» WORK REQUEST
Keep the images out while you set down the data exactly.
==== INFORMATION SHOWN
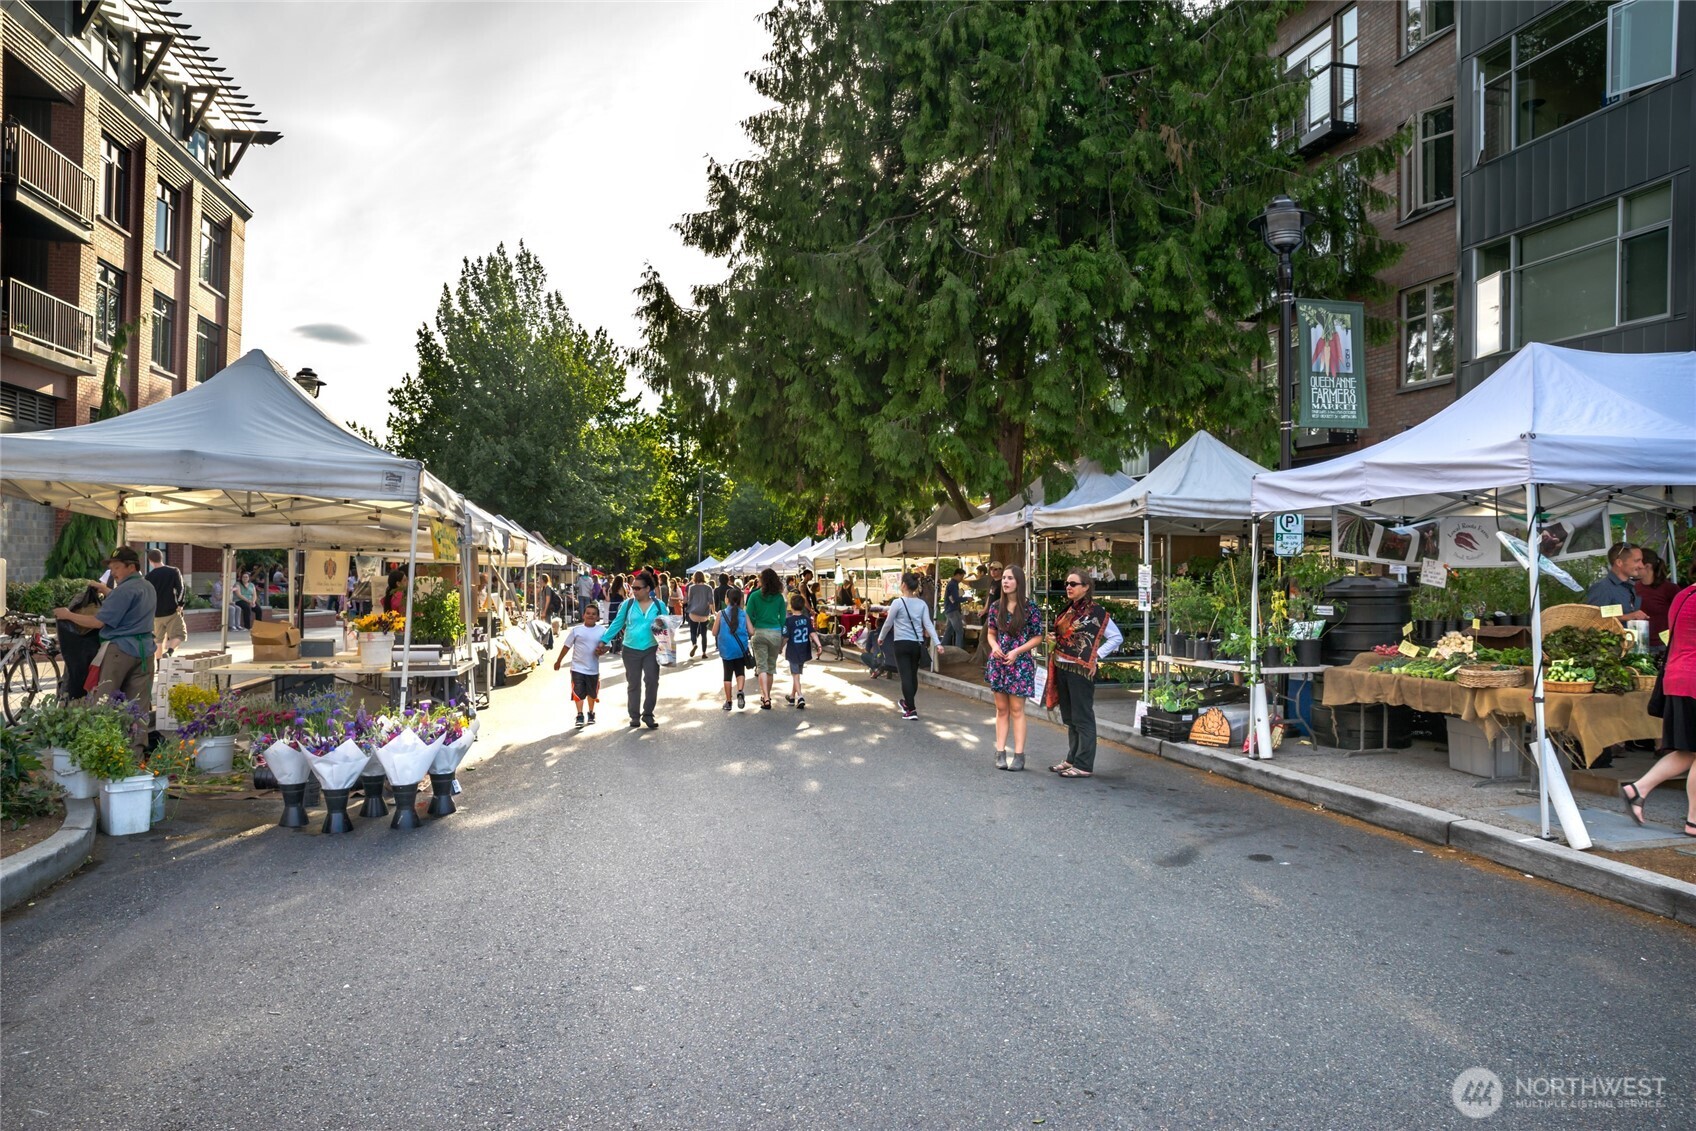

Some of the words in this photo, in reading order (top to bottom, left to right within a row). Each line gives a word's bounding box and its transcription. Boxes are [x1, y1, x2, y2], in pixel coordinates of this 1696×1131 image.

[1310, 376, 1335, 388] QUEEN
[1335, 377, 1357, 389] ANNE
[1311, 387, 1357, 404] FARMERS
[1311, 403, 1358, 411] MARKET
[1285, 515, 1295, 528] P
[1447, 523, 1461, 538] Local
[1461, 522, 1477, 530] Roots
[1477, 525, 1490, 539] Farm
[793, 627, 809, 643] 22
========
» RESPONSE TO THIS TASK
Some of the words in this photo, in reading order (top to bottom, left to right within a row). Each line gives a word's bounding box and its transcription. Boxes are [x1, y1, x2, y2], in pixel coordinates of this 1696×1131 image.

[1310, 376, 1335, 388] QUEEN
[1335, 377, 1357, 389] ANNE
[1311, 387, 1357, 404] FARMERS
[1311, 403, 1358, 411] MARKET
[1285, 515, 1295, 528] P
[1447, 523, 1461, 538] Local
[1461, 522, 1477, 530] Roots
[1477, 525, 1490, 539] Farm
[793, 627, 809, 643] 22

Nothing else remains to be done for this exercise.